Non pensò mai seriamente al professionismo fino ai 17 anni, quando nel 1950 un responsabile della fabbrica lo portò in diverse squadre per dei provini. Tutti lo scartarono definendolo uno "storpio", solo il Botafogo diede una chance al ragazzo ben 2 anni dopo, alla soglia dei 19 anni.


Nessuno, neanche il più ottimista, era conscio di quale grande storia sarebbe nata tra Garrincha e il club bianconero. In 12 anni di permanenza nella squadra di Rio de Janeiro siglerà 259 gol in 579 presenze, vincendo 3 campionati.


Questa però rimane la sua unica esperienza degna di nota con un club, infatti dopo l'addio al Botafogo nel 1965 cambierà molte maglie tra le quali il Vasco da Gama, Atlètico Junior, Flamengo e Olaris, ma in nessuna lascerà il segno.


Iniziò ad essere tormentato da numerosi problemi fisici, molti medici gli consigliarono di sottoporsi a numerosi interventi, il suo corpo si stava logorando a vista d'occhio, d'altronde stiamo parlando di un uomo che, secondo i medici, non doveva neanche praticare sport. Inoltre il turbolento rapporto con l'alcool mise ancora di più alla prova il suo corpo.

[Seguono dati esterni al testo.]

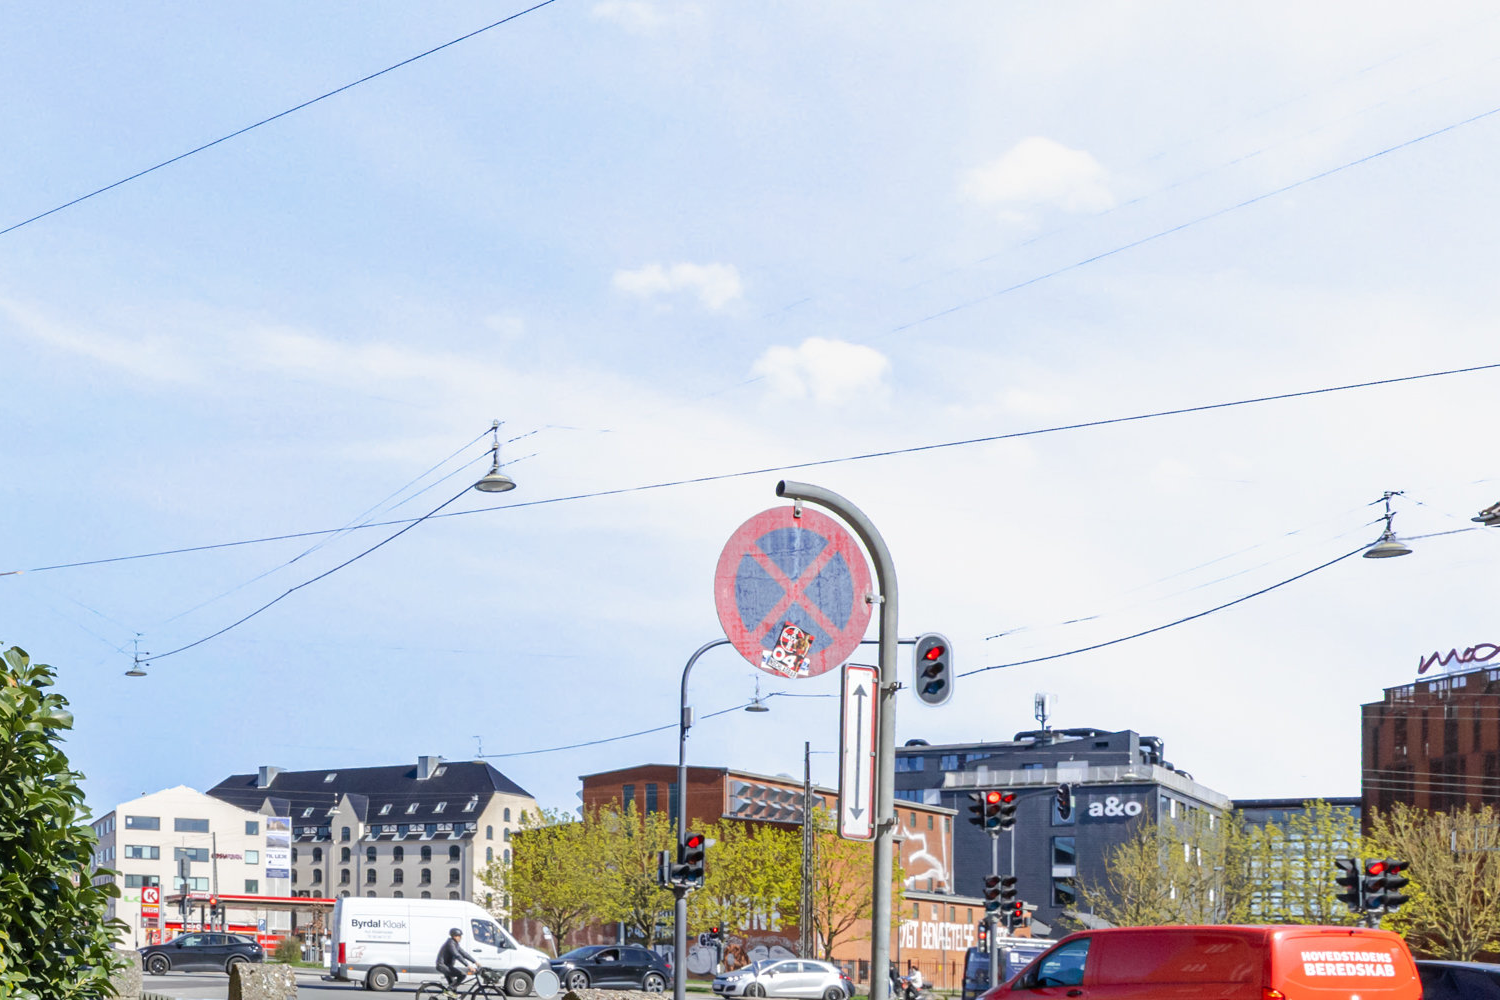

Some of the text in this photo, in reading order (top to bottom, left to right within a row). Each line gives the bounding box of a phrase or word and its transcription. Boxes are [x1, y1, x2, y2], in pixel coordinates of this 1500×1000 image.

Il proprio posto nella leggenda l'ala lo lasciò con la Selecao, infatti fu una delle punte di diamante di una delle nazionali più forti di sempre. Disputò 50 partite con la sua nazionale e ne perse solo una, l'ultima. Vinse il mondiale in Svezia del 1958 e quello successivo del 1962 disputato in Cile. Nella prima vittoria fu un protagonista sia in positivo che in negativo, infatti alle grandi giocate in campo alternò comportamenti poco consoni. Nelle prime partite dei gironi venne addirittura fatto sedere in panchina a causa della sua poca disciplina tattica.


Nel 1962 invece raggiunse l'apice della sua carriera, venne infatti eletto come miglior giocatore della competizione. Nella finale della competizione l'allenatore della Cecoslovacchia decise di far marcare Garrincha da addirittura 4 uomini, ma non riuscirono ugualmente a fermarlo.

Uno dei massimi esperti di un'arte ormai scomparsa, quella del dribbling, forse in parte oscurato dal talento del suo compagno con la numero 10 sulle spalle. Un personaggio poco noto ai più giovani, ma uno di quelli che merita di sedere al tavolo dei grandi. Una storia personale che va ben oltre il semplice calcio giocato, un antieroe, un sovversivo, "el alegria do povo".